(From the January 2014 issue of Research Now)
Tissue-engineered intestine could provide a permanent fix to a potentially fatal condition called short bowel syndrome, which affects many premature infants following surgery to treat necrotizing enterocolitis. Scientists in The Research Institute at Nationwide Children’s are making progress toward identifying a material for the scaffold that the body won’t reject and that will enable the replacement tissue to perform each of the intestine’s many functions. The work was reported in a recent issue of the Journal of Biomedical Materials Research.
For the study, a team led by Gail E. Besner, MD, chief of pediatric surgery and principal investigator in the Center for Perinatal Research, examined seven scaffold materials in search of one with the biodegradability, biocompatibility, strength and elasticity needed for safe implantation and proper function in the human body. They identified two leading candidates—known as PGA and PDLGA polymer materials—that have many of the necessary characteristics upon which replacement intestine can be built.
By using biodegradable materials to support the growth of a patient’s own cells, a tissue-engineered intestine scaffold will gradually dissolve as new human tissue replaces it. The challenge lies in finding a material that degrades at the right speed without eliciting a strong immune response. PGA and PDLGA both have desirable biocompatibility and degradation outcomes.
“So far, these materials seem to be good options,” says Dr. Besner, who also is a professor of surgery and pediatrics at The Ohio State University College of Medicine. “But we need to keep improving the design and exploring other materials to make sure that when tissue-engineered intestine makes it to clinical trials in humans, we have everything right—from the thickness of the fibers themselves to the amount of open space between the fibers in which cells can grow.”
Short bowel syndrome, the condition Dr. Besner’s lab hopes to treat with the tissue-engineered intestinal implants, results in severe malabsorption of nutrients and is often caused by surgical removal of large sections of the small bowel due to a variety of severe conditions affecting the gut.
Current treatments for short bowel syndrome are suboptimal and may entail long-term nutritional support, intestinal transplantation, repeat surgeries or other therapies with high complication rates and short-term effectiveness. In severe cases, the syndrome and its treatments may lead to end-stage liver disease or fatal malnutrition. Estimates of the fatality rate of short bowel syndrome among infants approach 40 percent.

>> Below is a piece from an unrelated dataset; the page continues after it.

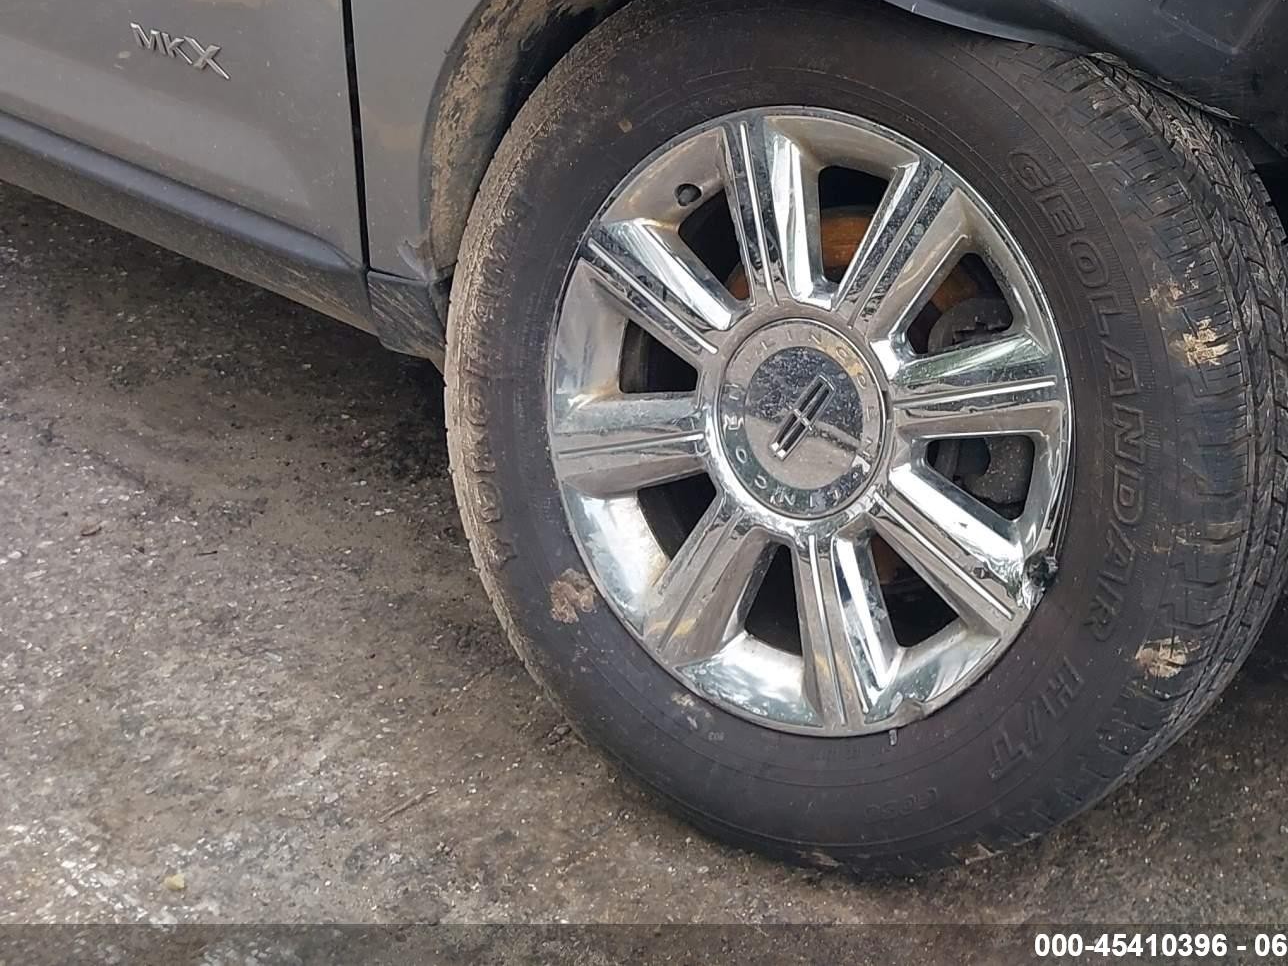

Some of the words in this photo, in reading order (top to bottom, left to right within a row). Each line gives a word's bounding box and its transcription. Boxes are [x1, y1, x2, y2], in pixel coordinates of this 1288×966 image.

[130, 22, 230, 80] MKX
[756, 329, 874, 460] LINCOLN
[1007, 148, 1146, 643] GEOLANDAR

“A treatment that could increase the length of the small intestine available to absorb nutrients could offer these patients a permanent cure and spare them from lifelong parenteral nutrition,” says Dr. Besner. “And if we can construct a new segment of intestine with the patient’s own cells, instead of transplanting tissue from other individuals, we could also help patients avoid lifelong immunosuppression.”
Similar tissue-engineering work has already been done with blood vessels and tracheas, both of which are currently in human trials. A tissue-engineered intestine, however, would need to perform both nutrient absorption and food transport in a non-sterile environment—challenges that other tissue-engineered body parts have not had to overcome.
“Advancements in the area of tissue engineering come gradually,” says Dr. Besner, who has been working on the concept for the past several years and anticipates that it may be several more years before the scaffolds are ready for human trials. “It’s a continuous process of research and improvement. We want the best possible product before we test this in humans.”
The team’s next step will be to seed intestinal stem cells onto the engineered intestinal scaffolds and subject them to a series of tests similar to those performed in this study. They plan to improve the design of the scaffold and connect it to functioning intestine in an animal model of short bowel syndrome in 2014.
“The implant needs to function just like healthy, native intestine,” says Dr. Besner. “It’s a very challenging process, but the potential reward for short bowel syndrome patients is enormous.”
The team’s latest publication results from a collaborative project with bioengineering experts at The Ohio State University and an Ohio start-up company called Nanofiber Solutions, LLC, which works with the researchers to construct the scaffolds according to their specifications. The groups received multiple awards for technology development in 2013 to continue improving the scaffolds for eventual use in patients.
Boomer L, Liu Y, Mahler N, Johnson J, Zak K, Nelson T, Lannutti J, Besner GE. Scaffolding for challenging environments: materials selection for tissue engineered intestine. Journal of Biomedical Materials Research. 2013 Nov 28. [Epub ahead of print.]